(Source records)
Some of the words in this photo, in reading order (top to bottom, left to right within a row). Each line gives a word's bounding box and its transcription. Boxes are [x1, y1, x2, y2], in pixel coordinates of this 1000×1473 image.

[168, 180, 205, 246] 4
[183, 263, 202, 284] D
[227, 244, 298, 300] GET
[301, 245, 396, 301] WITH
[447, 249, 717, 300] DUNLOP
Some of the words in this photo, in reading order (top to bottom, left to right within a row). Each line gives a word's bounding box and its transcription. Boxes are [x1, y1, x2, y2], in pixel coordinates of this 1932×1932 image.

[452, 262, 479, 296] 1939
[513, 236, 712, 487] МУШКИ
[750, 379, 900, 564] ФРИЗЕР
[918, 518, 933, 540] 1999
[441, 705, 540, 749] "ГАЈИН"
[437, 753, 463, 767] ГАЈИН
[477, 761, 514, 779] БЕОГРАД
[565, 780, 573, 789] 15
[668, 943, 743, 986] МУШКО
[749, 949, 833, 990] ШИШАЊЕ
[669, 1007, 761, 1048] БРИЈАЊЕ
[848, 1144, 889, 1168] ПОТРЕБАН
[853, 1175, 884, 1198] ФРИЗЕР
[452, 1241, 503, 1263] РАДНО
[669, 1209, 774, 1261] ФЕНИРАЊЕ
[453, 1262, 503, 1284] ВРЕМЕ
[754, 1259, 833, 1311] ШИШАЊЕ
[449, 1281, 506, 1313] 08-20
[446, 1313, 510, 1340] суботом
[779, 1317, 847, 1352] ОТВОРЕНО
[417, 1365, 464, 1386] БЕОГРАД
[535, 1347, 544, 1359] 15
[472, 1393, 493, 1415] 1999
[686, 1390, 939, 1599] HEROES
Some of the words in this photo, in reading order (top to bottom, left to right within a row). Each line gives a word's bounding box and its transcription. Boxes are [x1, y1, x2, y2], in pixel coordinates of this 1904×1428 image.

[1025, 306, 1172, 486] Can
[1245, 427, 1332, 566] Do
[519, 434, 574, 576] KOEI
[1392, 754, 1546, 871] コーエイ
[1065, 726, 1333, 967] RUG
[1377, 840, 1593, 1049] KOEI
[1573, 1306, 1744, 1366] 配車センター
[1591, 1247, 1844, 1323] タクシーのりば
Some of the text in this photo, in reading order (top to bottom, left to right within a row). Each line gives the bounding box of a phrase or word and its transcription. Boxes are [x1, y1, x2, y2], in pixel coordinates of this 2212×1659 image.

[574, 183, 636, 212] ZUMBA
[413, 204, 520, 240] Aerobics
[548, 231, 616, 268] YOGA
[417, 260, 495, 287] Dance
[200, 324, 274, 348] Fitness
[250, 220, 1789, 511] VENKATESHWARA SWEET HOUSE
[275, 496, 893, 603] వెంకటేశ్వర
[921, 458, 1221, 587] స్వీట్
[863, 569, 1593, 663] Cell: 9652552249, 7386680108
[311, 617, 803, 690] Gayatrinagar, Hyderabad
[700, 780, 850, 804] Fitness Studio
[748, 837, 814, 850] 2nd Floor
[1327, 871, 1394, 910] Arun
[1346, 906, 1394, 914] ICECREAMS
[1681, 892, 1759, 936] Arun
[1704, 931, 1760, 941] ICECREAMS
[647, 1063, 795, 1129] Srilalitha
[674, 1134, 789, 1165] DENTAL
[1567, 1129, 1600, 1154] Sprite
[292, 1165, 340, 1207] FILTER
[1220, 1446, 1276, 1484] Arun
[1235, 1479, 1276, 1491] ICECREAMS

## WORK TO COMPLETE
From the first line to the last, repeat the records exactly.

## OUTPUT OF THE TASK
Some of the words in this photo, in reading order (top to bottom, left to right within a row). Each line gives a word's bounding box and its transcription. Boxes are [x1, y1, x2, y2], in pixel coordinates of this 1000×1473 image.

[168, 180, 205, 246] 4
[183, 263, 202, 284] D
[227, 244, 298, 300] GET
[301, 245, 396, 301] WITH
[447, 249, 717, 300] DUNLOP
Some of the words in this photo, in reading order (top to bottom, left to right within a row). Each line gives a word's bounding box and its transcription. Boxes are [x1, y1, x2, y2], in pixel coordinates of this 1932×1932 image.

[452, 262, 479, 296] 1939
[513, 236, 712, 487] МУШКИ
[750, 379, 900, 564] ФРИЗЕР
[918, 518, 933, 540] 1999
[441, 705, 540, 749] "ГАЈИН"
[437, 753, 463, 767] ГАЈИН
[477, 761, 514, 779] БЕОГРАД
[565, 780, 573, 789] 15
[668, 943, 743, 986] МУШКО
[749, 949, 833, 990] ШИШАЊЕ
[669, 1007, 761, 1048] БРИЈАЊЕ
[848, 1144, 889, 1168] ПОТРЕБАН
[853, 1175, 884, 1198] ФРИЗЕР
[452, 1241, 503, 1263] РАДНО
[669, 1209, 774, 1261] ФЕНИРАЊЕ
[453, 1262, 503, 1284] ВРЕМЕ
[754, 1259, 833, 1311] ШИШАЊЕ
[449, 1281, 506, 1313] 08-20
[446, 1313, 510, 1340] суботом
[779, 1317, 847, 1352] ОТВОРЕНО
[417, 1365, 464, 1386] БЕОГРАД
[535, 1347, 544, 1359] 15
[472, 1393, 493, 1415] 1999
[686, 1390, 939, 1599] HEROES
Some of the words in this photo, in reading order (top to bottom, left to right within a row). Each line gives a word's bounding box and its transcription. Boxes are [x1, y1, x2, y2], in pixel coordinates of this 1904×1428 image.

[1025, 306, 1172, 486] Can
[1245, 427, 1332, 566] Do
[519, 434, 574, 576] KOEI
[1392, 754, 1546, 871] コーエイ
[1065, 726, 1333, 967] RUG
[1377, 840, 1593, 1049] KOEI
[1573, 1306, 1744, 1366] 配車センター
[1591, 1247, 1844, 1323] タクシーのりば
Some of the text in this photo, in reading order (top to bottom, left to right within a row). Each line gives the bounding box of a phrase or word and its transcription. Boxes are [x1, y1, x2, y2], in pixel coordinates of this 2212×1659 image.

[574, 183, 636, 212] ZUMBA
[413, 204, 520, 240] Aerobics
[548, 231, 616, 268] YOGA
[417, 260, 495, 287] Dance
[200, 324, 274, 348] Fitness
[250, 220, 1789, 511] VENKATESHWARA SWEET HOUSE
[275, 496, 893, 603] వెంకటేశ్వర
[921, 458, 1221, 587] స్వీట్
[863, 569, 1593, 663] Cell: 9652552249, 7386680108
[311, 617, 803, 690] Gayatrinagar, Hyderabad
[700, 780, 850, 804] Fitness Studio
[748, 837, 814, 850] 2nd Floor
[1327, 871, 1394, 910] Arun
[1346, 906, 1394, 914] ICECREAMS
[1681, 892, 1759, 936] Arun
[1704, 931, 1760, 941] ICECREAMS
[647, 1063, 795, 1129] Srilalitha
[674, 1134, 789, 1165] DENTAL
[1567, 1129, 1600, 1154] Sprite
[292, 1165, 340, 1207] FILTER
[1220, 1446, 1276, 1484] Arun
[1235, 1479, 1276, 1491] ICECREAMS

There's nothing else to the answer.